Le vent fouettait mon visage laissant voler mes cheveux châtains attachés négligemment en un chignon hasardeux. Mes pieds foulaient le sol, jonché de feuilles mortes à cette période de l'année. Les arbres perdaient peu à peu leurs belles tenues d'automne, abandonnant leur douceur vermillon pour des branches nues bien trop squelettiques.
C'était la première fois que je venais ici depuis ce jour. La première fois que j'osais dépasser ce portillon de métal froid.
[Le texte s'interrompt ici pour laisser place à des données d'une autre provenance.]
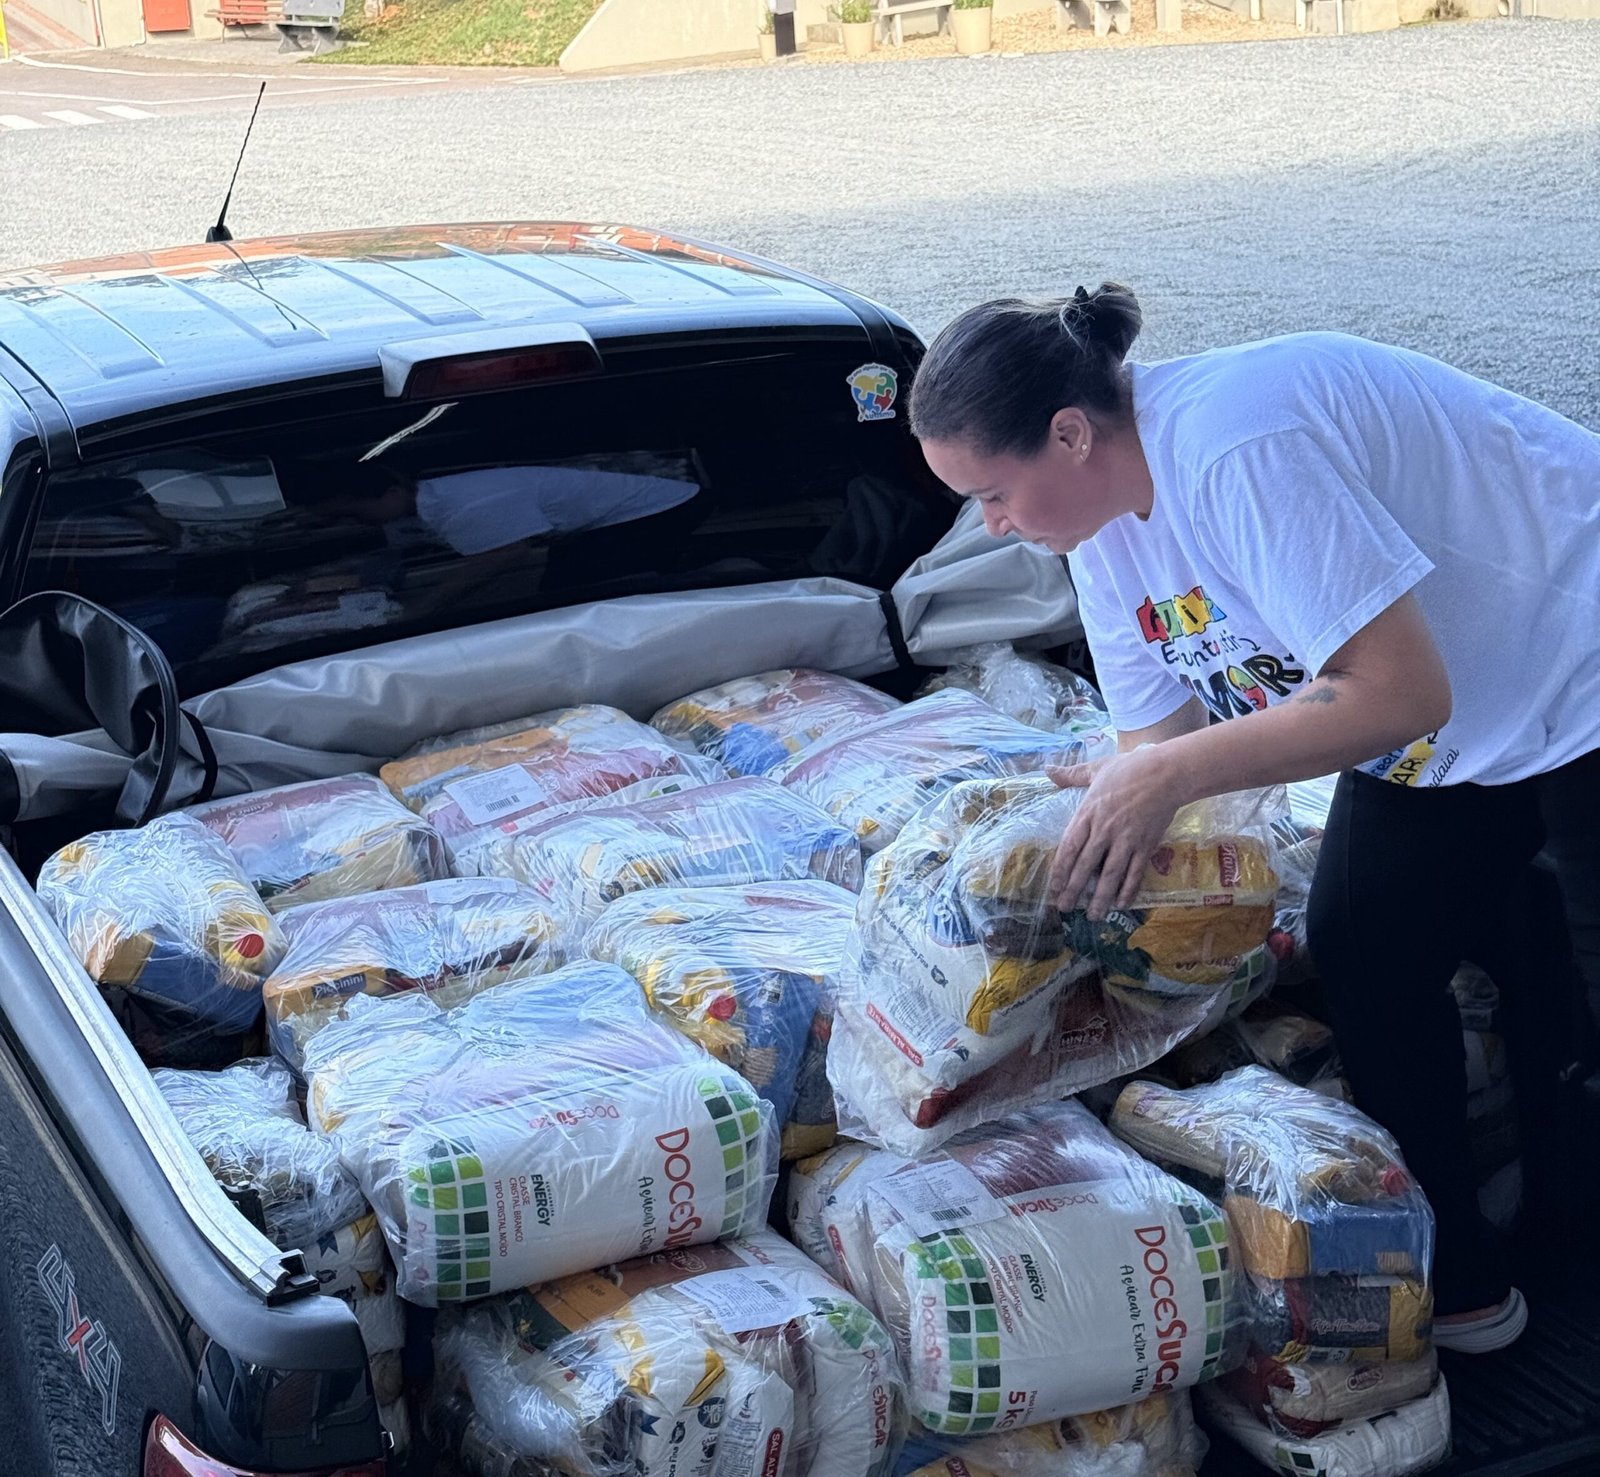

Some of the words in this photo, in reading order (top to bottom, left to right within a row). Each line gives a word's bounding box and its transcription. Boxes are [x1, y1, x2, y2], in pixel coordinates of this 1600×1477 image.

Ma silhouette se déplaçait entre ces dalles de granit bien trop grises, sous ces nuages bien trop sombres.
Huitième allée, au fond près du grand chêne. Je connaissais par cœur l'emplacement, tout simplement parce qu'Armin me l'avait indiqué le soir même de l'enterrement auquel je n'avais pas eu le courage d'aller.

Mon absence avait étonné, mon cellulaire avait vibré dû aux appels pensants me rappeler la date de ce jour détestable.
Mais je savais que c'était aujourd'hui, je savais que je devais m'y rendre ; seulement la perspective d'affronter les regards compatissants me dégoûtait.
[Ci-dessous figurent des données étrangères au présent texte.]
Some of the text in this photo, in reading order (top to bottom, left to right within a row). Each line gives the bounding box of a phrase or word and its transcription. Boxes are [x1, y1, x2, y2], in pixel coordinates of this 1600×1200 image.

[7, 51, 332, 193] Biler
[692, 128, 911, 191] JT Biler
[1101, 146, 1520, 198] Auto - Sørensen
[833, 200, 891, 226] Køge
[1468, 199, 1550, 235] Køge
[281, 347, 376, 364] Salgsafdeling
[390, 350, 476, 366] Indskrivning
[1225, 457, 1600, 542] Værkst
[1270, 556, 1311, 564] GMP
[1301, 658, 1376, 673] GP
Alors j'étais resté chez moi, dans le noir à pleurer, et j'avais attendu ce que l'on nomme « demain ».
Demain est un terme que j'exècre, que je méprise pour sa portée bien trop large. Demain c'est plus tard, après minuit, lorsque la date change. Mais demain c'est barbant alors parfois je m'autorise un « 24h et plus ». Demain, c'est dans ma tête alors demain, c'est quand je veux.
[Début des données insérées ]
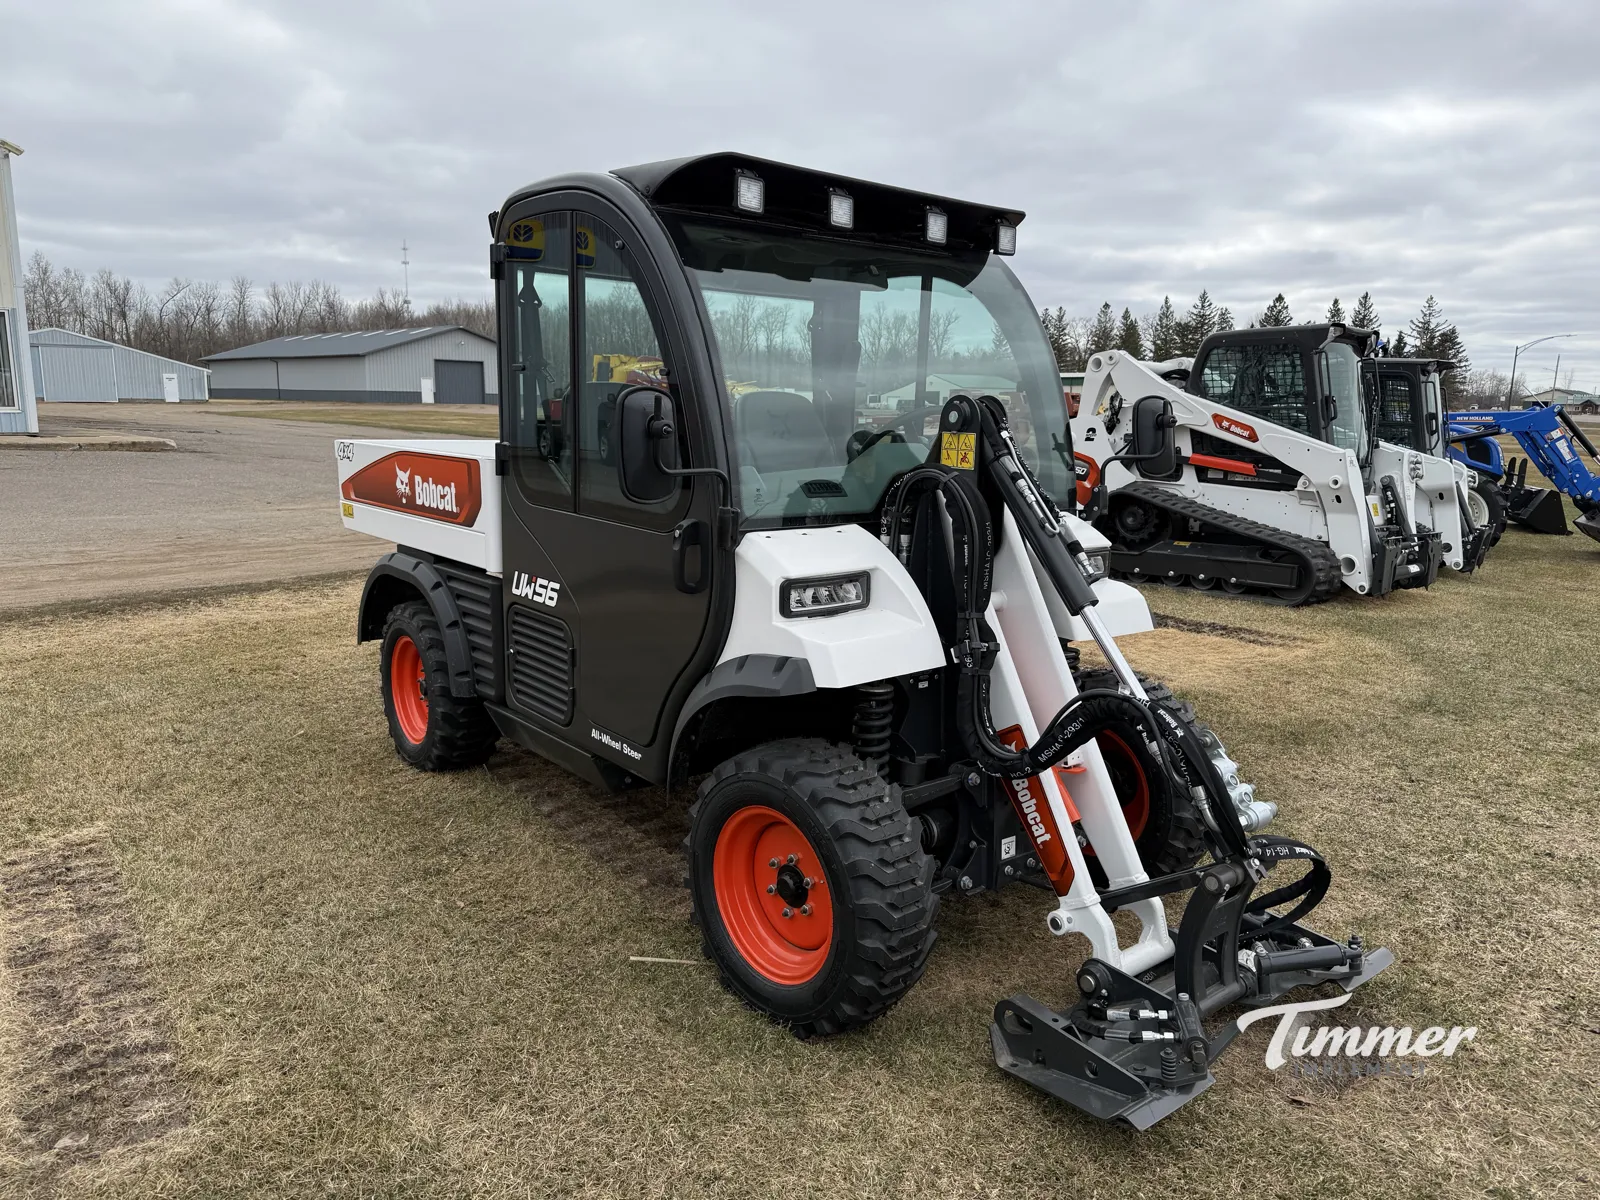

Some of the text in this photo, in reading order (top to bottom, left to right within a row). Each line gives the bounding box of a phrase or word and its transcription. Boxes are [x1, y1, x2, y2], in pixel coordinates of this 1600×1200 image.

[1229, 424, 1251, 438] Bobcat
[337, 441, 355, 462] 4x4
[1074, 466, 1087, 475] 50
[414, 474, 459, 513] Bobcat
[1157, 708, 1178, 728] Bobcat
[591, 728, 643, 761] All-Wheel Steer
[1037, 742, 1064, 763] MSHA
[1012, 778, 1051, 846] Bobcat
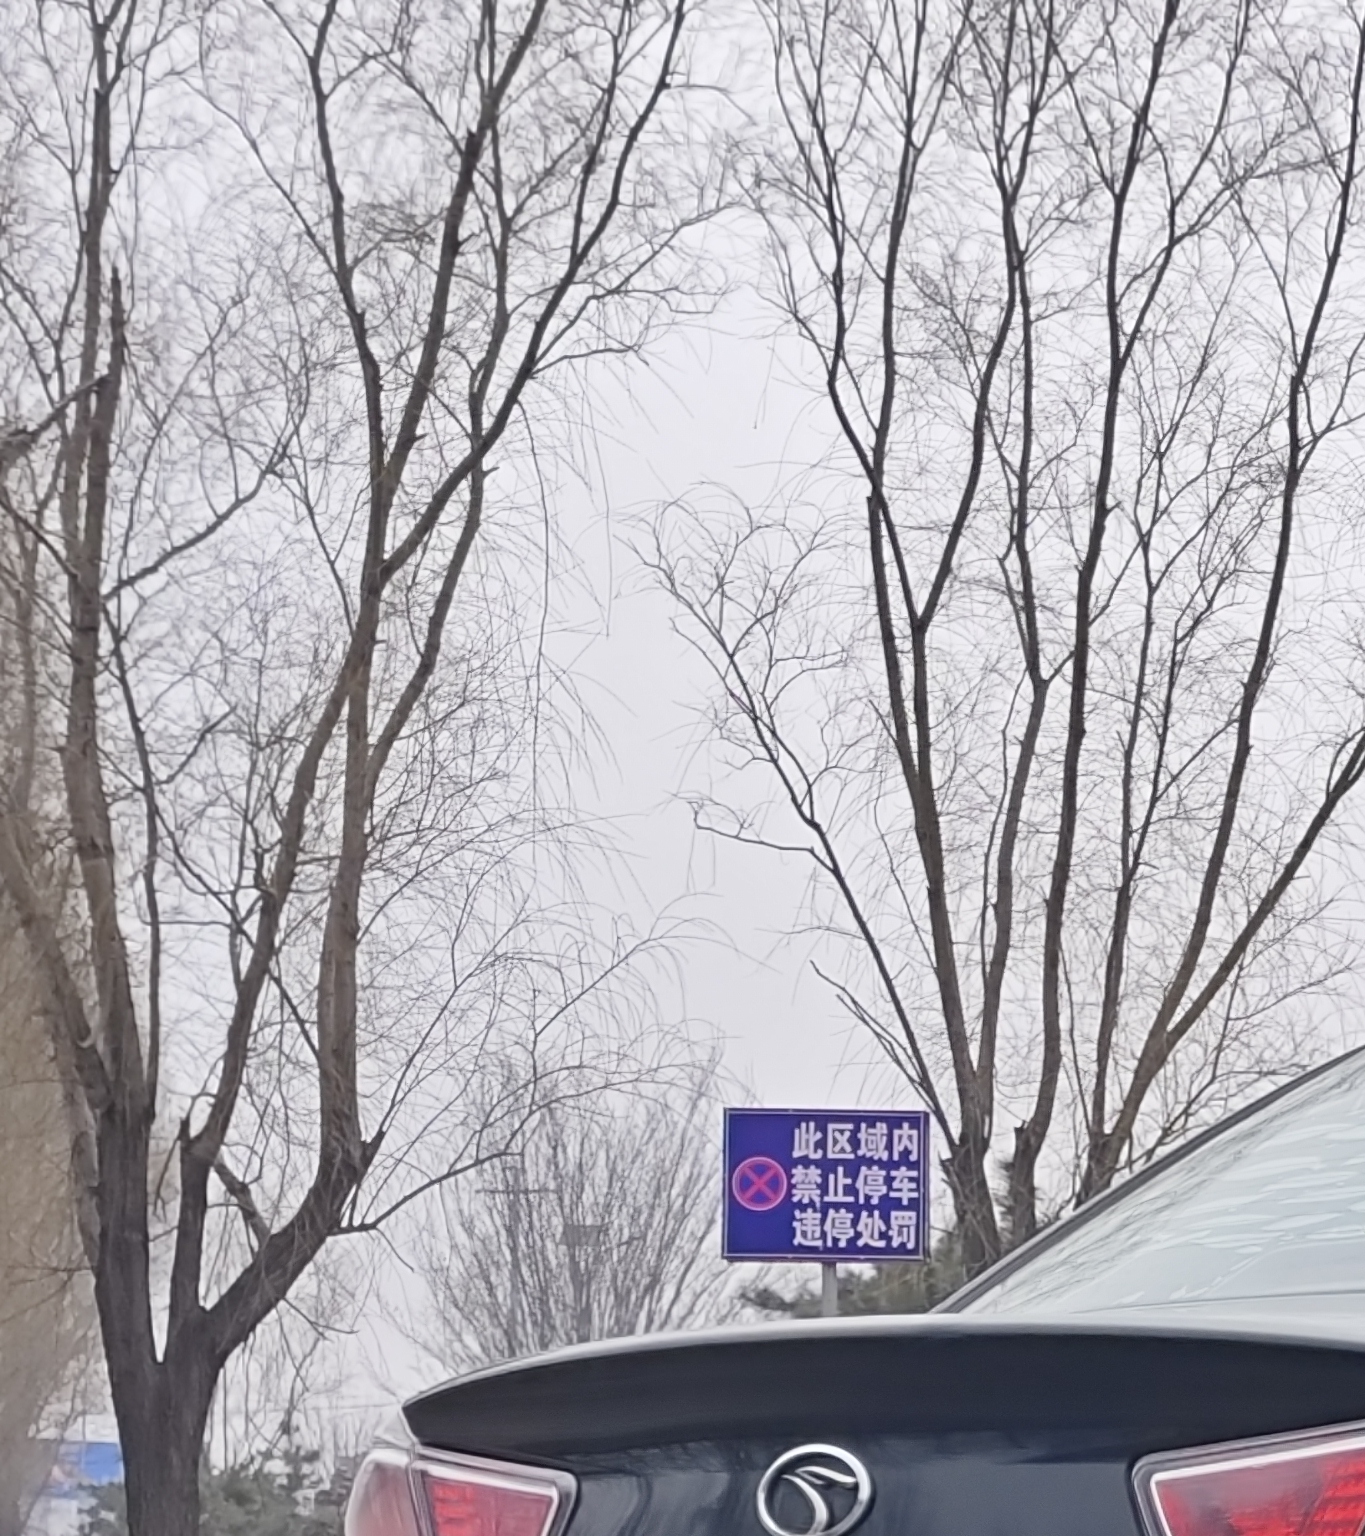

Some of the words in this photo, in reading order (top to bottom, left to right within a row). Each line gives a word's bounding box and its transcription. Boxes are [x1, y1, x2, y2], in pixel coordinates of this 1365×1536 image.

[792, 1121, 919, 1162] 此区域内
[790, 1164, 920, 1206] 禁止停车
[791, 1207, 918, 1250] 违停处罚
Je m'avançai lentement, le temps semblant s'être stoppé. Aucun son ne parvenait à mes oreilles rougies de froid.
Nous étions le 31 octobre, ce soir de nombreux enfants toqueraient aux portes du quartier dans l'espoir de recevoir quelconques friandises. En ce jour de la fête des morts j'avais décidé de traîner mon corps lourd de chagrin dans ce cimetières lugubre.
Le bruit de mes pas dans les graviers résonnait tandis que je remontais mon écharpe sur mon nez.
Dieu merci il ne pleuvait pas, mais le froid sec qui englobais la région me donnais l'envie de retourner me blottir sous mes draps épais.
Sur certaines des tombes étaient perchés de gros corbeaux noirs qui, de leur œil curieux, observaient les passant aller et venir se nourrir des souvenirs partagés auprès des personnes enterrées là.
J'arrivais bientôt devant l'arbre nu de toutes feuilles qui surplombait le lieu, le cœur comme serré entre de longs ongles se plantant à l'intérieur. Mon regard ancré sur le sol, fixant mes chaussures qui me semblaient pour une fois plutôt intéressantes, incapables de lever les yeux. Nous étions mardi, nous étions Demain, le demain que je redoutais ; et j'étais là, froissant les feuilles de mes pas las. Hier, nous étions jeudi, ce jeudi avait duré 120h en tout, il était maintenant temps pour moi de rattraper la course des jours.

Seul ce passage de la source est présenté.